In order to make our data and the method of TI inference more accessible for practical use, we added a web application to the web site containing the processed patient data, accessible at hiv.biozentrum.unibas.ch/ETI/. Given a diversity value (determined according to Eq (2)), the web application allows to determine the time since infection for an user-selected iSNV cutoff value (xc) and genetic region, along with the appropriate error estimates.

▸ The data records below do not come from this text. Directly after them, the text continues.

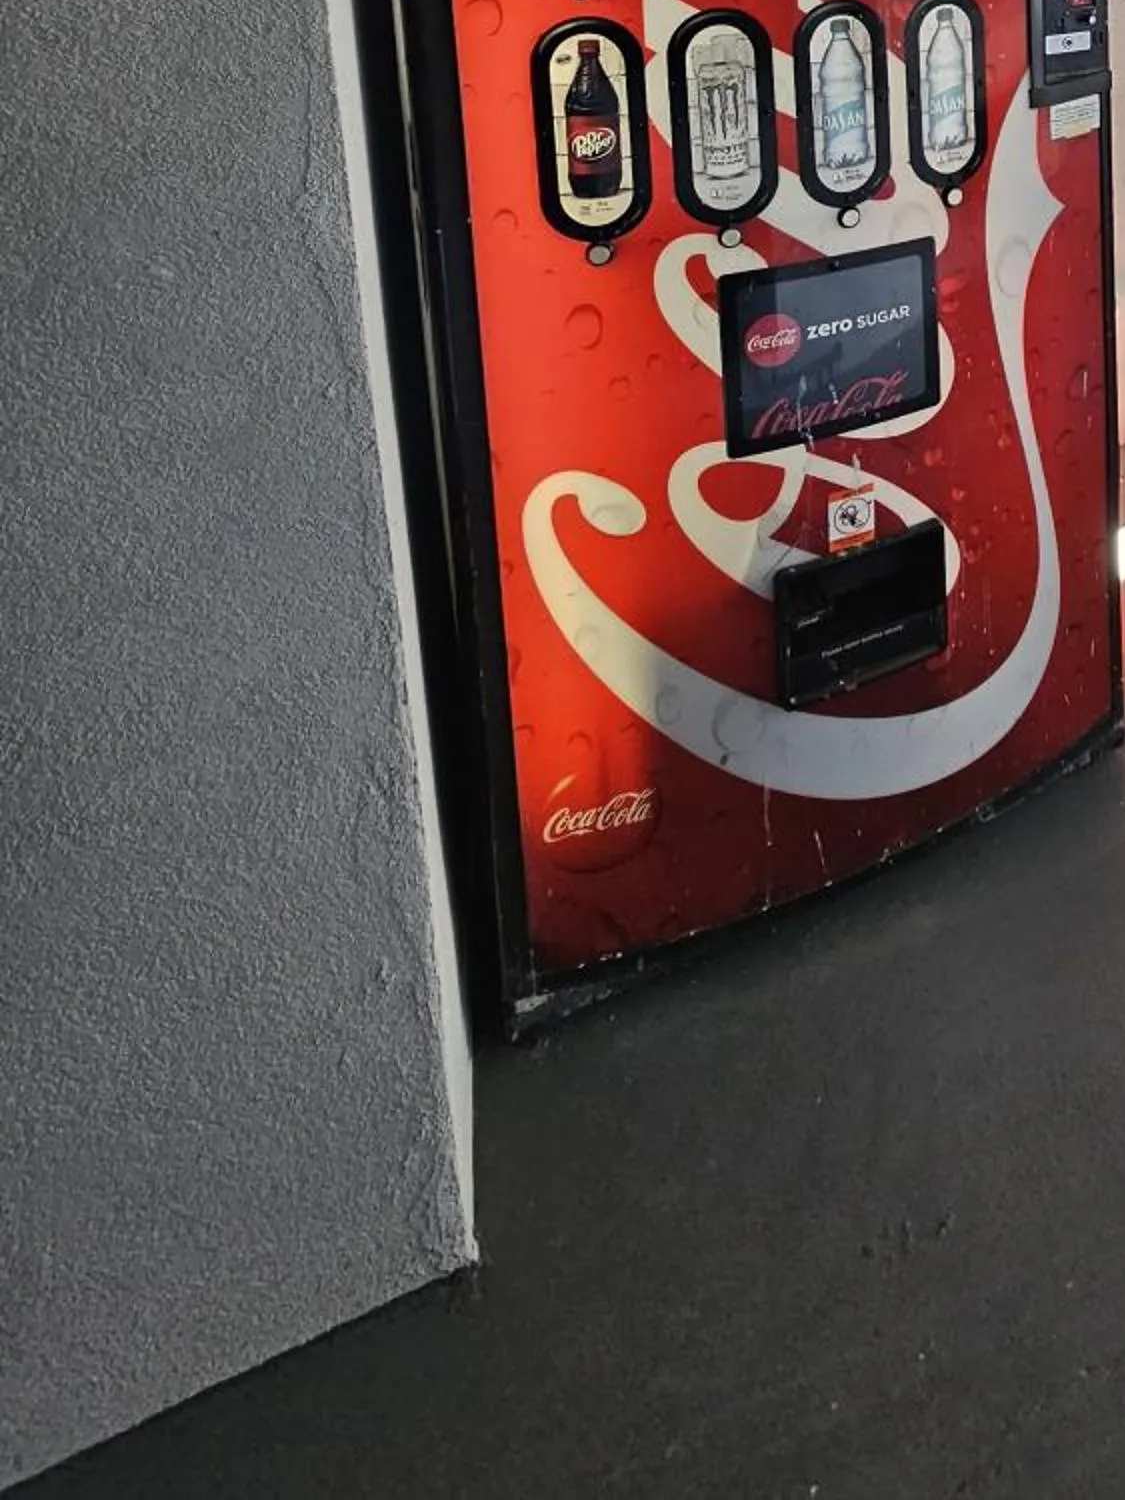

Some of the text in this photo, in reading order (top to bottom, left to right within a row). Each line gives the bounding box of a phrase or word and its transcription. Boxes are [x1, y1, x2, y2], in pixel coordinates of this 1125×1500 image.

[574, 134, 613, 158] Pepper
[806, 305, 911, 340] zero SUGAR
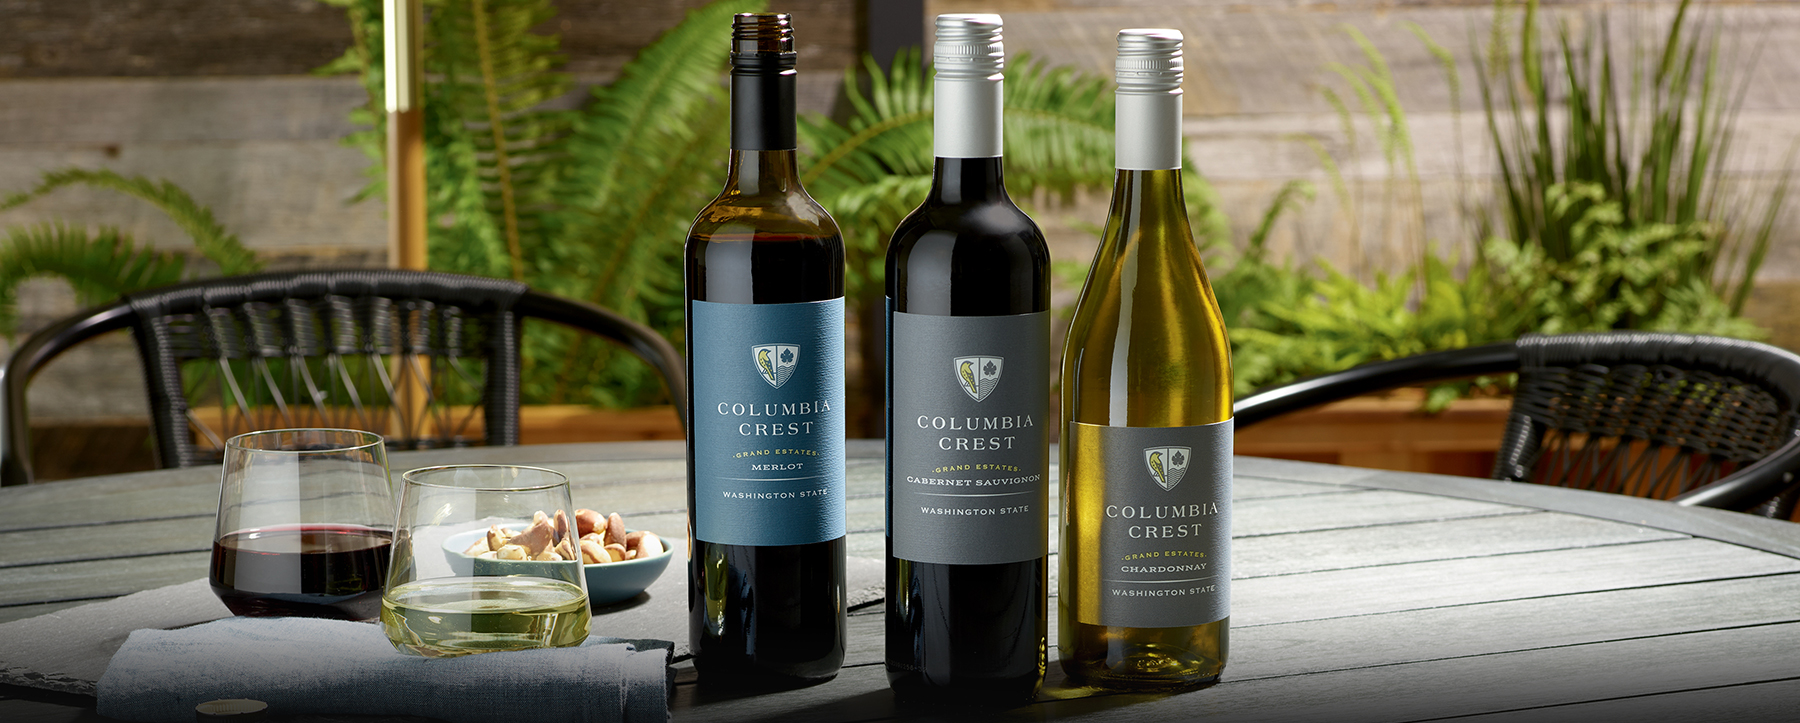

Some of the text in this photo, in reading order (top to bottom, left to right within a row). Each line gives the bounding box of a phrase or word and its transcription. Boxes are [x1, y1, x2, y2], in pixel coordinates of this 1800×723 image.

[717, 400, 831, 417] COLUMBIA
[739, 422, 814, 436] CREST
[917, 414, 1034, 431] COLUMBIA
[939, 436, 1016, 451] CREST
[751, 463, 804, 471] MERLOT
[907, 474, 1041, 487] CABERNET SAUVIGNON
[723, 489, 828, 499] WASHINGTON STATE
[920, 505, 1029, 516] WASHINGTON STATE
[1106, 502, 1218, 519] COLUMBIA
[1128, 523, 1202, 539] CREST
[1121, 563, 1207, 573] CHARDONNAY
[1112, 585, 1216, 597] WASHINGTON STATE
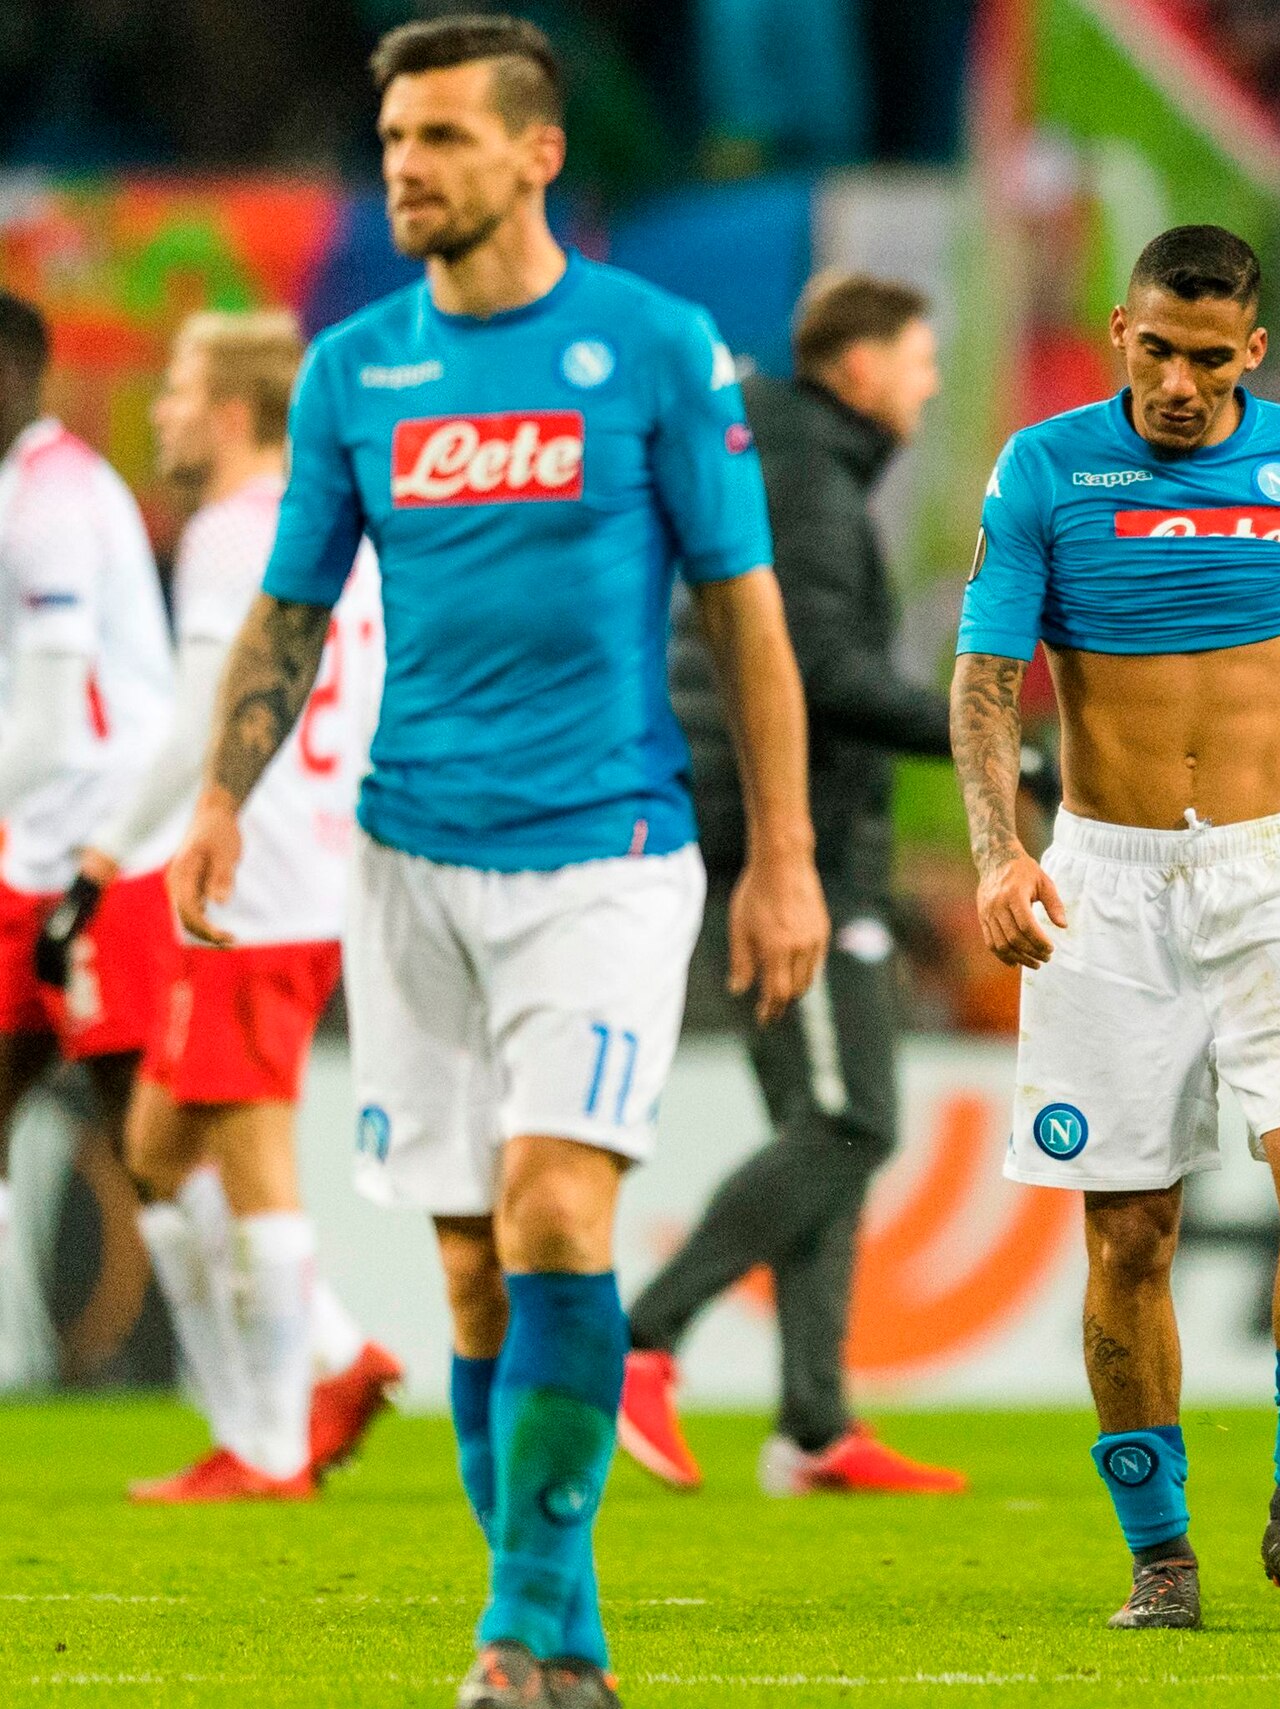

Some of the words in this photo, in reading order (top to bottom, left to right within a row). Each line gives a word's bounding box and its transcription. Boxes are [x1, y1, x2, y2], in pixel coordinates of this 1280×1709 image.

The results are presented in accessible graphical form, but also as a slope and intercept pair, equivalent to Table 2. The user can specify whether the diversity was calculated using all codon positions or only the 1st, 2nd, or 3rd. Specifying a codon position is only supported when the region used to evaluate diversity is fully contained in one gene.

Validation of the regression coefficients

We validated the regression coefficients on a dataset from 31 patients with known infection dates and NGS data available at two time points. The distribution of the diversity values for these patients closely resembles that for our training dataset of 11 patients (see S8 and S9 Figs).

We inferred the time since infection for the 31 validation patients using the regression coefficients obtained for the eleven patients of the training set; the results are summarized in Fig 6, which also shows (in gray) the data points of the training set (same as in Fig 4). The new data exhibit the same behavior as the training set: the TI estimates are centered around the true TI and the accuracy of the estimate is about one year, as can be seen from the histogram in the left panel of Fig 6. In order to make the histograms for the training and validation data comparable, we included for the former only the points of the infection time less than 5 years.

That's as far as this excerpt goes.